## INPUT RECORDS
|---|

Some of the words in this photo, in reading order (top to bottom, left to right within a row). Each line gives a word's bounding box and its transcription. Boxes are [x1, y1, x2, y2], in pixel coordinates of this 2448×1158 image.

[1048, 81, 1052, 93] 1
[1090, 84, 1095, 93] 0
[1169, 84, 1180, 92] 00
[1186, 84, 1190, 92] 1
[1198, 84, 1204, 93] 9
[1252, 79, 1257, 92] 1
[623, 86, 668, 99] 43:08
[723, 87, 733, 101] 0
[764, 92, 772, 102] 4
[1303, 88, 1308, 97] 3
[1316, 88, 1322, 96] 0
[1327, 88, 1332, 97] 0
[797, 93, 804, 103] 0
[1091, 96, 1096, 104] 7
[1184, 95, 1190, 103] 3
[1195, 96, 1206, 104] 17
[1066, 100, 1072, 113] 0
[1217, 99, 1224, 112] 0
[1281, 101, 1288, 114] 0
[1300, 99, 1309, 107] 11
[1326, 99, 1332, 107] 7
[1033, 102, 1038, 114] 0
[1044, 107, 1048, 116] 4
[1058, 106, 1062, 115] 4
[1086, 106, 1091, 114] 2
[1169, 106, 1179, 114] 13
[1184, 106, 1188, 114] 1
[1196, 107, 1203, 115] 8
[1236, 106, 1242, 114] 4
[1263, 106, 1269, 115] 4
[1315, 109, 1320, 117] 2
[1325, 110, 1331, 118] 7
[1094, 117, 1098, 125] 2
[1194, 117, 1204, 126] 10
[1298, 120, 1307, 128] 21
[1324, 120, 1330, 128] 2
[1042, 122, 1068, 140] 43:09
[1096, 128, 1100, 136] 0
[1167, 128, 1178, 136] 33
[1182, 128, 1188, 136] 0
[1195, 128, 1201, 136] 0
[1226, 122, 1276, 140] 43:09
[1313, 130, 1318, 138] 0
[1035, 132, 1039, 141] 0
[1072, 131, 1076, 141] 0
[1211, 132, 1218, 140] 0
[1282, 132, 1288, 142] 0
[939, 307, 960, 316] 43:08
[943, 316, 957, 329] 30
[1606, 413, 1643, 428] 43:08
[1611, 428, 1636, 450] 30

|---|

## WORK INSTRUCTIONS
Word for word, output all of the material.

## SOLUTION TO THIS EXERCISE
Some of the words in this photo, in reading order (top to bottom, left to right within a row). Each line gives a word's bounding box and its transcription. Boxes are [x1, y1, x2, y2], in pixel coordinates of this 2448×1158 image.

[1048, 81, 1052, 93] 1
[1090, 84, 1095, 93] 0
[1169, 84, 1180, 92] 00
[1186, 84, 1190, 92] 1
[1198, 84, 1204, 93] 9
[1252, 79, 1257, 92] 1
[623, 86, 668, 99] 43:08
[723, 87, 733, 101] 0
[764, 92, 772, 102] 4
[1303, 88, 1308, 97] 3
[1316, 88, 1322, 96] 0
[1327, 88, 1332, 97] 0
[797, 93, 804, 103] 0
[1091, 96, 1096, 104] 7
[1184, 95, 1190, 103] 3
[1195, 96, 1206, 104] 17
[1066, 100, 1072, 113] 0
[1217, 99, 1224, 112] 0
[1281, 101, 1288, 114] 0
[1300, 99, 1309, 107] 11
[1326, 99, 1332, 107] 7
[1033, 102, 1038, 114] 0
[1044, 107, 1048, 116] 4
[1058, 106, 1062, 115] 4
[1086, 106, 1091, 114] 2
[1169, 106, 1179, 114] 13
[1184, 106, 1188, 114] 1
[1196, 107, 1203, 115] 8
[1236, 106, 1242, 114] 4
[1263, 106, 1269, 115] 4
[1315, 109, 1320, 117] 2
[1325, 110, 1331, 118] 7
[1094, 117, 1098, 125] 2
[1194, 117, 1204, 126] 10
[1298, 120, 1307, 128] 21
[1324, 120, 1330, 128] 2
[1042, 122, 1068, 140] 43:09
[1096, 128, 1100, 136] 0
[1167, 128, 1178, 136] 33
[1182, 128, 1188, 136] 0
[1195, 128, 1201, 136] 0
[1226, 122, 1276, 140] 43:09
[1313, 130, 1318, 138] 0
[1035, 132, 1039, 141] 0
[1072, 131, 1076, 141] 0
[1211, 132, 1218, 140] 0
[1282, 132, 1288, 142] 0
[939, 307, 960, 316] 43:08
[943, 316, 957, 329] 30
[1606, 413, 1643, 428] 43:08
[1611, 428, 1636, 450] 30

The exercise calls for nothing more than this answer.